Step 5: Read the Settings Between the Two Arms
The two arms have different functions. The one on the left controls the furnace’s low temperature while the other controls high temperatures. However, you’re not concerned with the arms.
Instead, you’re concerned with the reading between the two arms – the value that controls the furnace’s fan. What’s the reading?
Step 6: Adjust the Setting as Necessary
Best practice requires that the furnace fan kicks on as soon as the furnace warms up. So, ideally, you want the fan to begin to run as soon as the temperatures within the furnace cabinet reach 105°F. To this end, we recommend setting the central component to between 105°F and 115°F.
Step 7: Set the Lower Temperature Limit
As we saw earlier, the arm that controls the lower temperature setting is to the left. We recommend setting it to around 90°F.
This way, when the furnace reaches 90°F, the left arm will signal it to start generating more heat to warm your home.
Keep in mind that the warm air from the furnace is about 20°F cooler when it exits the ducts in your home. So, effectively, you’re asking the furnace to keep your home above 70°F.
Step 8: Set the Higher Temperature Limit
The ideal high-temperature limit varies from one application to the next. However, we recommend a value of around 200°F.
When the furnace reaches this temperature, the right arm will request it stop producing heat further. So, the unit will cycle off and let the blower fan circulate the warm air already within your home.
Step 9: Set the Furnace to Automatic Mode
Many people tend to forget this part. Although you can also switch the temperatures manually to keep your home within the selected range, it’s much more convenient to automatically let the furnace handle it. If you push the white socket in, your settings will be cleared.
Step 10: Close the Panel and Finish Up
You’ve successfully reset your furnace limit switch. Now, return the panel and screw it back into place. Then turn the gas supply back on and switch on the furnace power.

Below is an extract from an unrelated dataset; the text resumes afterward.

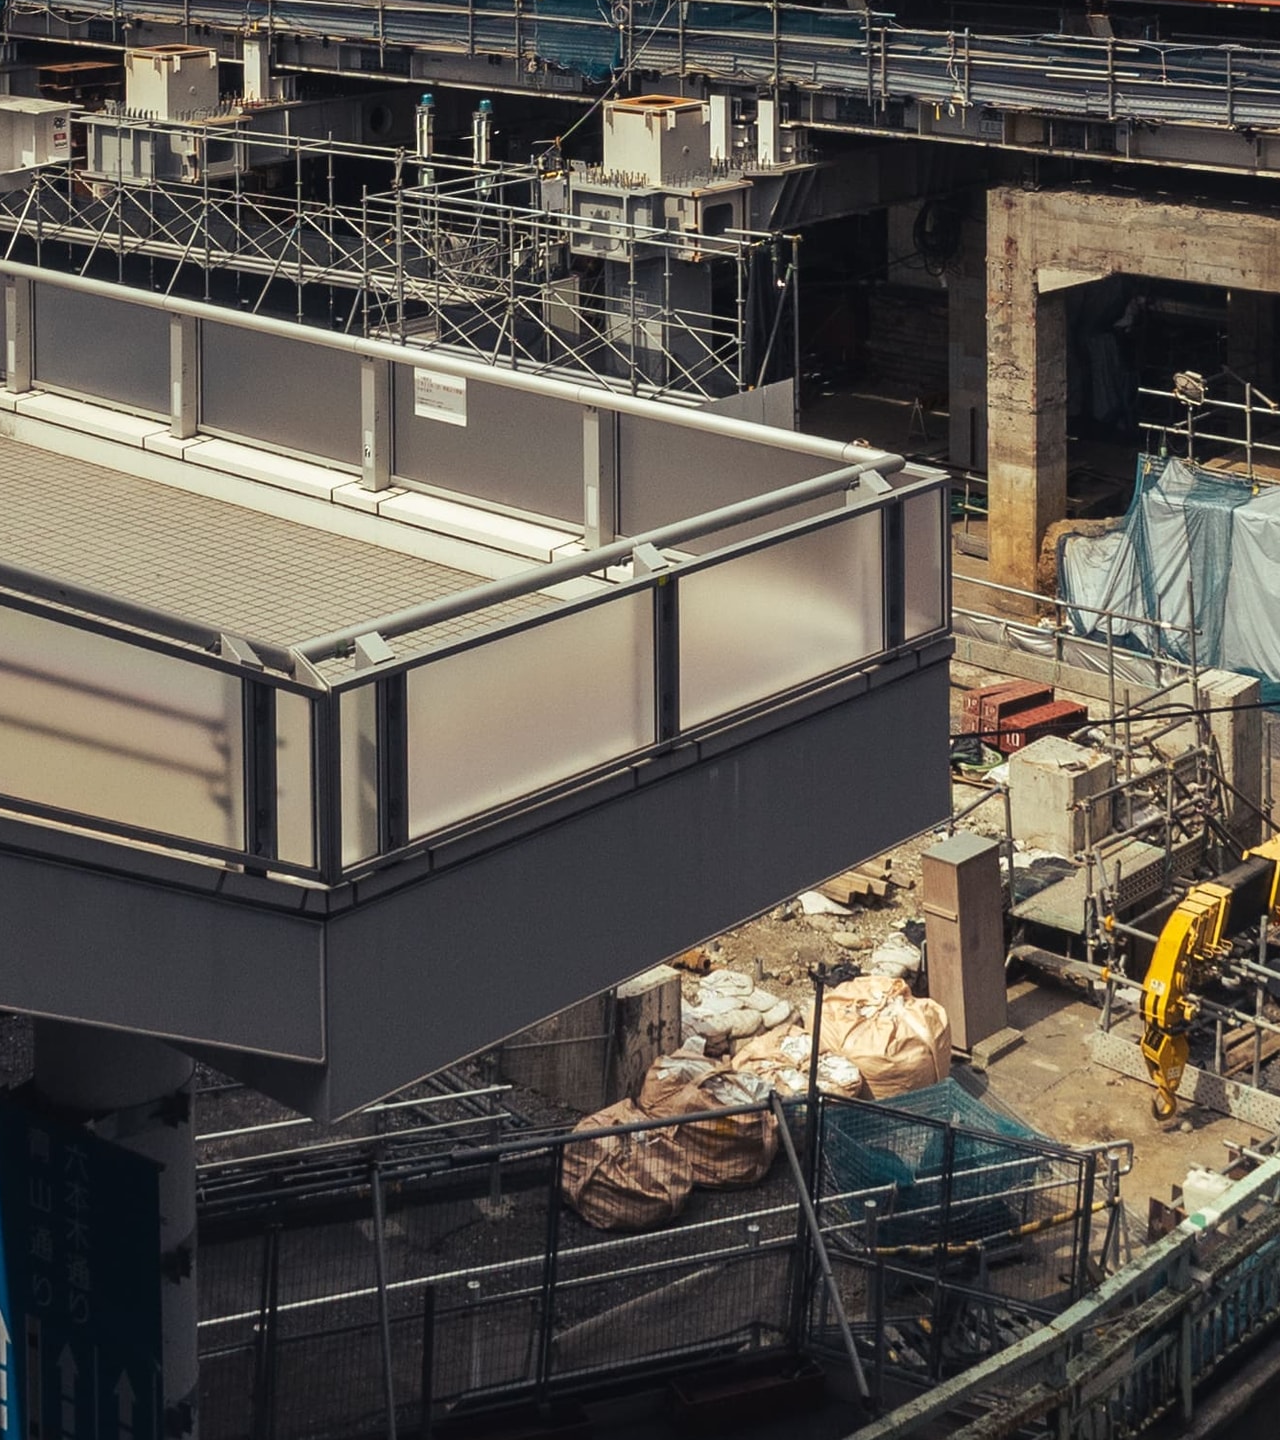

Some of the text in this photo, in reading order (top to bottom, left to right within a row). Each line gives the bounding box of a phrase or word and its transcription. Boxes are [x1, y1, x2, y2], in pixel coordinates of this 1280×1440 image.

You can check the video below to help you through the process
Can I Bypass a Limit Switch?
Yes, you can bypass the furnace limit switch, though we don’t recommend it. Bypassing the limit switch creates a massive fire risk as you’d essentially be running the furnace with no regard for potential overheating. What if the home becomes too hot?
Nevertheless, you can bypass the limit switch when testing the switch. You can also bypass it temporarily to troubleshoot other parts of the furnace.

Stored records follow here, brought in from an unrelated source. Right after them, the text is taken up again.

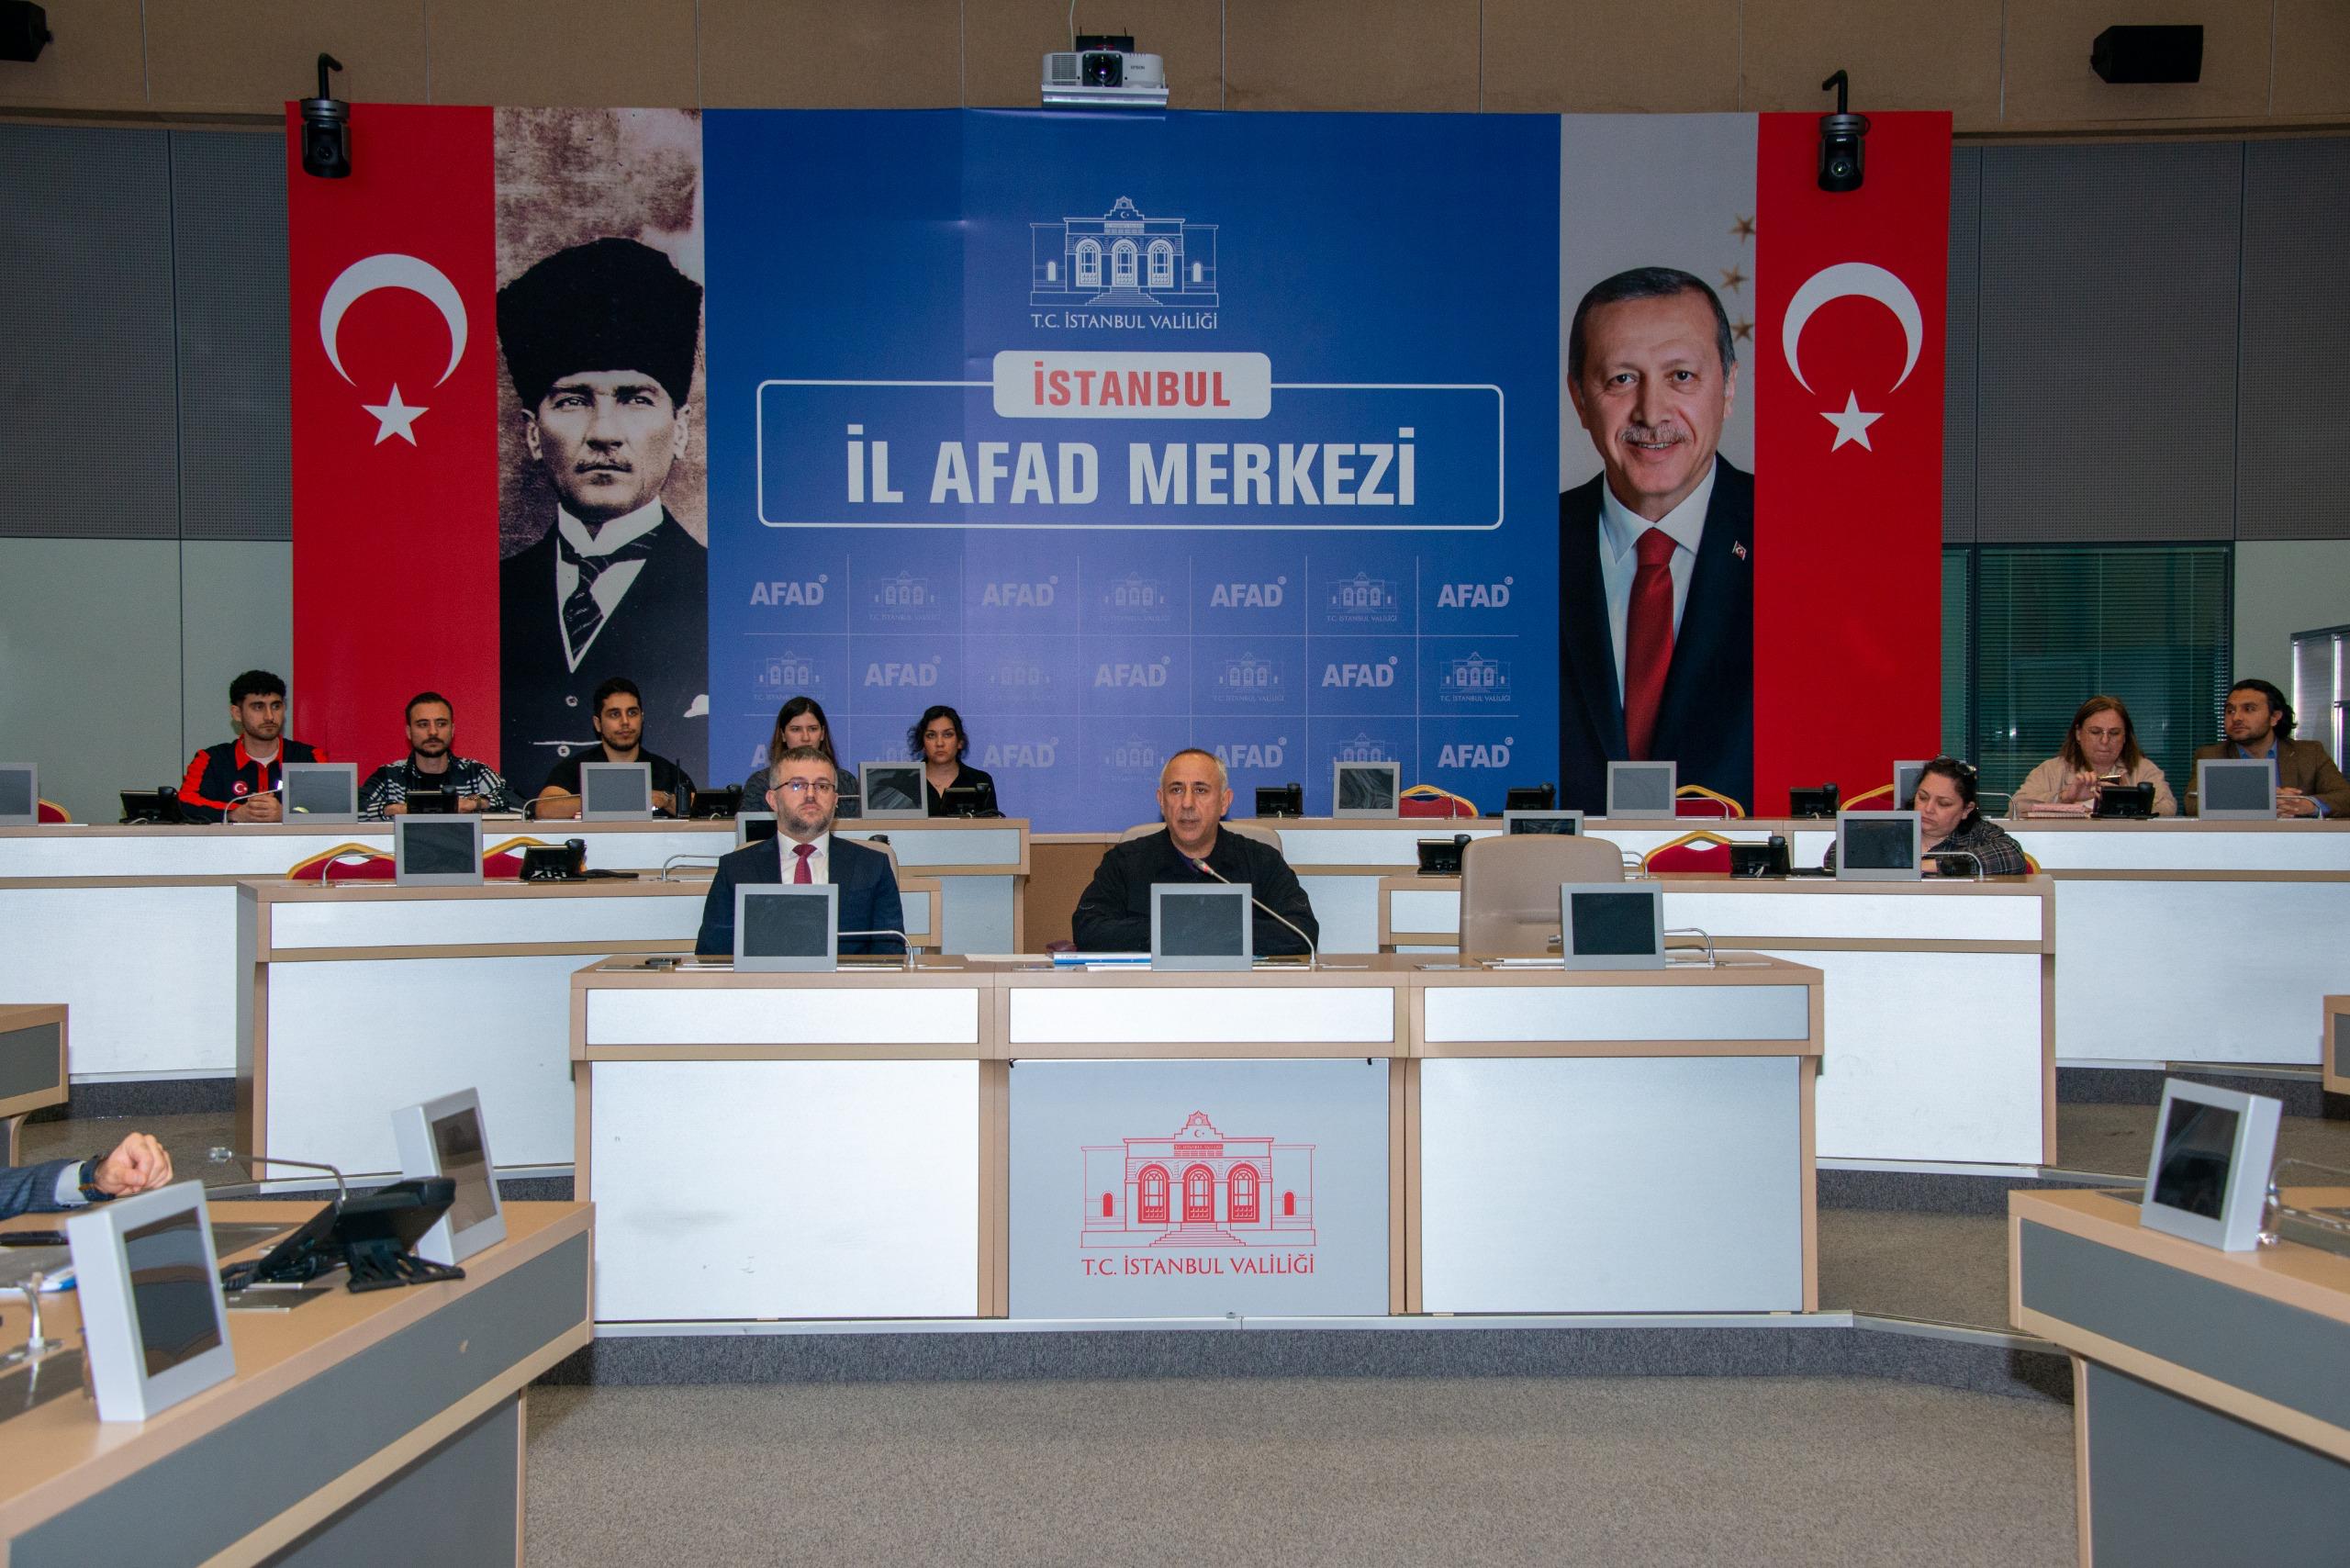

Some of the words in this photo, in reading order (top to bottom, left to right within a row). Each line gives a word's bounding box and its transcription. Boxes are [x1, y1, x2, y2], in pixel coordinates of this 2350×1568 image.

[1030, 313, 1059, 329] T.C.
[1065, 309, 1144, 329] İSTANBUL
[1148, 309, 1218, 330] VALİLİĞİ
[1034, 360, 1231, 408] İSTANBUL
[846, 423, 903, 504] İL
[929, 442, 1100, 506] AFAD
[1129, 427, 1416, 506] MERKEZİ
[749, 581, 824, 606] AFAD
[982, 583, 1055, 607] AFAD
[1210, 583, 1283, 608] AFAD
[1437, 583, 1510, 608] AFAD
[864, 662, 938, 687] AFAD
[1094, 663, 1167, 688] AFAD
[1321, 663, 1394, 688] AFAD
[983, 744, 1056, 768] AFAD
[1438, 745, 1510, 768] AFAD
[1081, 1259, 1117, 1275] T.C.
[1124, 1254, 1224, 1275] İSTANBUL
[1229, 1253, 1315, 1275] VALİLİĞİ

First, turn off the furnace (both the electricity and gas supply). Then take out the nuts holding the service cover and remove the cover. Now, unclip the two wires from the metal contacts on the side of the pressure switch and connect them directly.
When you do this, power will flow directly from the first wire to the next without going through the limit switch. So, your furnace should continue to work even if the limit switch is broken.
How to Jump a Limit Switch
Jumping is just another word for “bypassing.” To jump your limit switch, disconnect the two wires attaching to the switch and connect them directly.
Alternatively, use a small piece of wire to connect the two wires. This eliminates the limit switch from the equation. A wire with two alligator clips is ideal.
Bypassing or jumping the limit switch can be an excellent way to test the switch if it refuses to reset. If the furnace doesn’t run in standard setup but functionals perfectly when you bypass/jump the switch, the switch is defective. If you’ve tried to reset it in vain, the only solution is to replace it.
How Much Does it Cost to Replace a Furnace Limit Switch?
Furnace limit switches cost between $5 and $25. Meanwhile, professional servicing costs $60 to $200, depending on the type of furnace and your geographic location. So, you should be prepared with at least $65 if you prefer a professional replacement.
Furnace limit switches are a critical part of the modern furnace. They protect you and your family from overheating and are also responsible for keeping the furnace ON when temperatures dip dangerously low.
Therefore, it helps to arm yourself with basic knowledge on limit switches, especially how to reset the switch. This way, you can troubleshoot and even fix your furnace personally if you encounter an issue in the middle of the night.